10-25% of patients with Major Depressive Disorder have preexisting Dysthymic Disorder. These "double depressions" (i.e., Dysthymia + Major Depressive Disorder) have a poorer prognosis.
Gender.
Males and females are equally affected by Major Depressive Disorder prior to puberty. After puberty, this disorder is twice as common in females as in males. The highest rates for this disorder are in the 25- to 44-year-old age group.
Prevalence.
The lifetime risk for Major Depressive Disorder is 10% to 25% for women and from 5% to 12% for men. At any point in time, 5% to 9% of women and 2% to 3% of men suffer from this disorder. Prevalence is unrelated to ethnicity, education, income, or marital status.
Onset And Course.
* Onset:
o Average age at onset is 25, but this disorder may begin at any age.
* Psychological stress:
o Stress appears to play a prominent role in triggering the first 1-2 episodes of this disorder, but not in subsequent episodes.
* Duration:
o An average episode lasts about 9 months.
* Course:
o Course is variable. Some people have isolated episodes that are separated by many years, whereas others have clusters of episodes, and still others have increasingly frequent episodes as they grow older.

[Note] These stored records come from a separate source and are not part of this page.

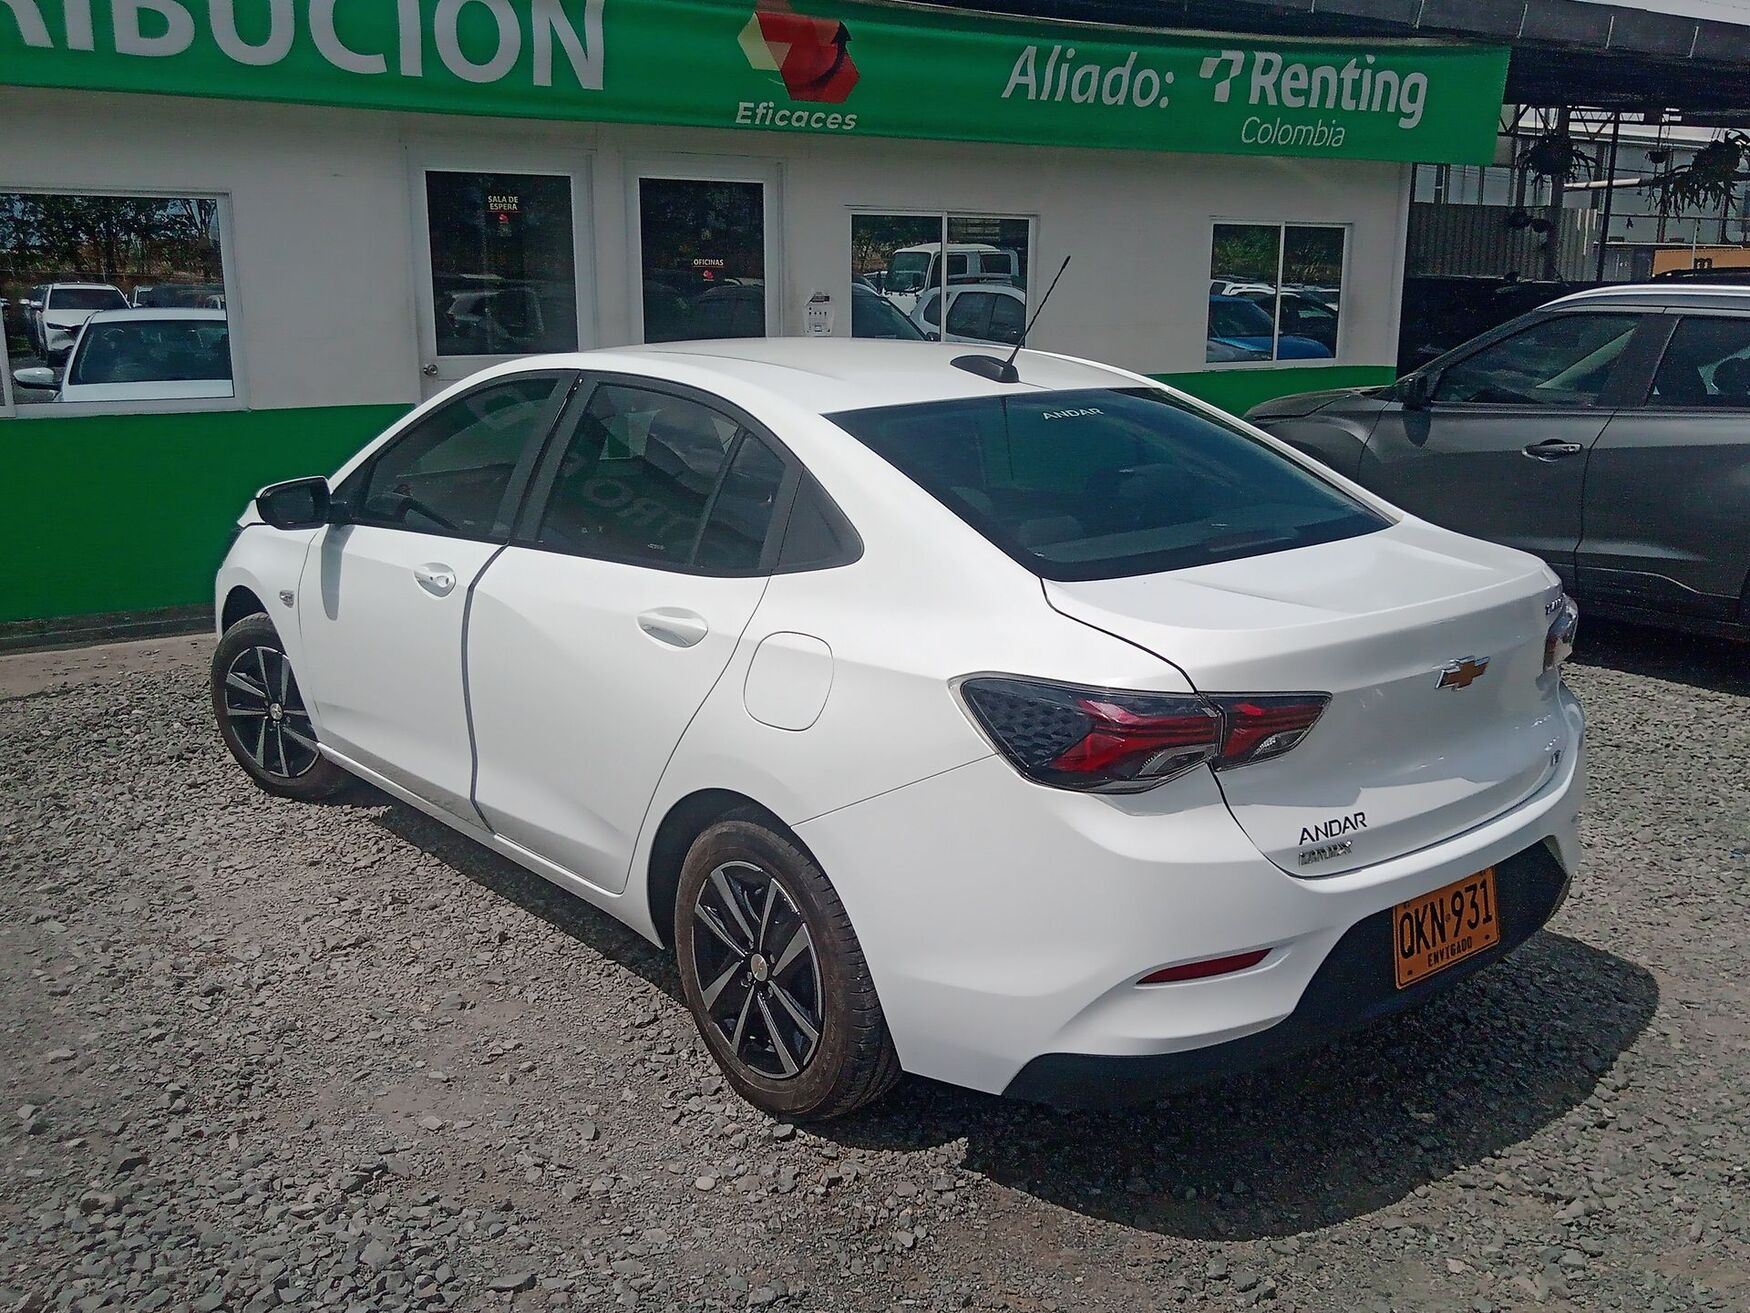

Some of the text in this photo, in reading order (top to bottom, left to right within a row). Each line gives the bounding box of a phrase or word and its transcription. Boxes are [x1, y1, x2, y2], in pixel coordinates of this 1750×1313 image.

[1001, 44, 1428, 129] Aliado: Renting
[735, 101, 858, 130] Eficaces
[1241, 116, 1345, 147] Colombia
[487, 195, 507, 203] SALA
[693, 258, 724, 266] OFICINAS
[1042, 408, 1104, 419] ANDAR
[1299, 811, 1368, 846] ANDAR

o About 20% of individuals with this disorder have a chronic course.
Recurrence
* The risk of recurrence is about 70% at 5 year follow up and at least 80% at 8 year follow-up.

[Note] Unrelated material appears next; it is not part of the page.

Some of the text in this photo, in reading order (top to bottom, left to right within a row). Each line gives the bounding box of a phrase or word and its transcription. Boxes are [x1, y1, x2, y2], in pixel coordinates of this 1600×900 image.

* After the first episode of Major Depressive Disorder, there is a 50%-60% chance of having a second episode, and a 5-10% chance of having a Manic Episode (i.e., developing Bipolar I Disorder). After the second episode, there is a 70% chance of having a third. After the third episode, there a 90% chance of having a fourth.

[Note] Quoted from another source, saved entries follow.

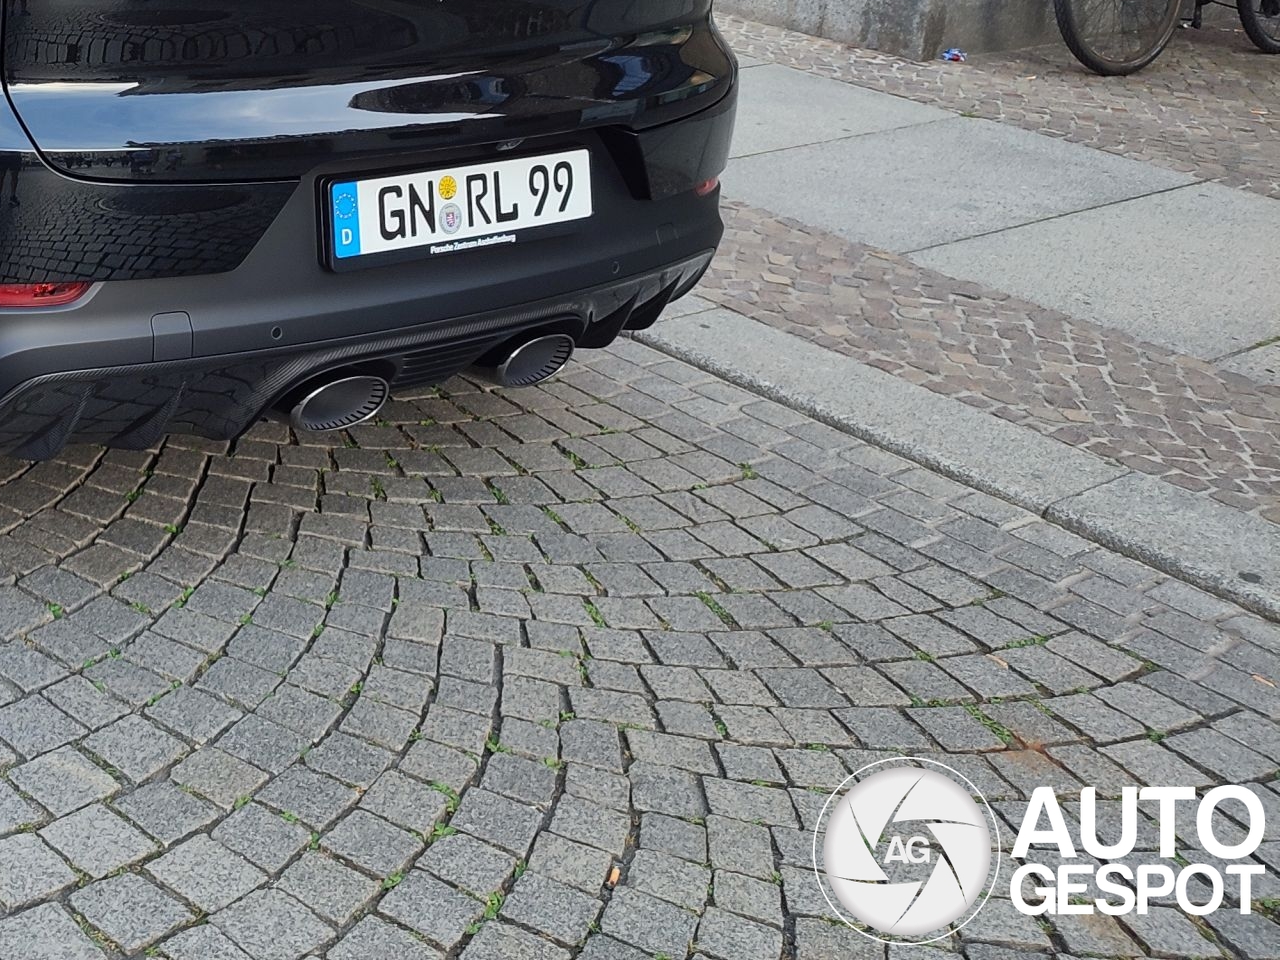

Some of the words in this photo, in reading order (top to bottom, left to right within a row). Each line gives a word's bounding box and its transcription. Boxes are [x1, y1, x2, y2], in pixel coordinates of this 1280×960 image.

[378, 180, 436, 241] GN
[466, 171, 519, 227] RL
[528, 161, 573, 217] 99
[341, 228, 353, 245] D
[430, 243, 454, 254] Porsche

* The greater number of previous episodes is an important risk factor for recurrence.
Suicide risk:
* · For people diagnosed with major depression, the lifetime risk of suicide may be as high as 6% [3], although this figure may be more applicable to those who have been admitted to hospital as a result of depression. For people seen as outpatients or treated by GPs, risks are much lower .
* For those with bipolar disorder the suicide risk is much higher, at 15 times that of the general population. This risk is further increased by a previous suicide attempt and by alcohol abuse.
# Important psychiatric risk factors for suicide amongst people with any form of depression include:
* Previous self-harm.
* Severity of the illness.
* Alcohol or drugs abuse.
* Serious or chronic physical illnesses.
* Schizophrenia.
# Important amongst demographic and social factors included are:
> * Being male.
> * Middle age.
> * Social isolation.
# Research shows that depression is one of the most frequent mental health problems in people who die by suicide. This is also true of young people; major depression is common amongst adolescents who have overdosed.
# Other factors may be important, either independently or in combination with depression, in the development of suicidal thoughts and behaviour in an individual. Such factors include impulsiveness, aggressiveness, addiction, suicide or suicide attempts in close relatives, divorce, separation and parental discord.
# Depression is common amongst people who self-harm, both in those who habitually self-harm by for example, self-cutting, without suicidal intent and in those who may have suicidal intent when they self-harm .
# In people who have self-harmed, depression and impulsivity have been shown to be strongly associated with the strength of the intent to die by suicide.
# Major, or severe, depression in adolescence is associated with higher risk of both suicide attempting and death by suicide in adulthood.
# Although dysthymia in itself is not related to suicide, 10% of those suffering from it will go on to develop major depression.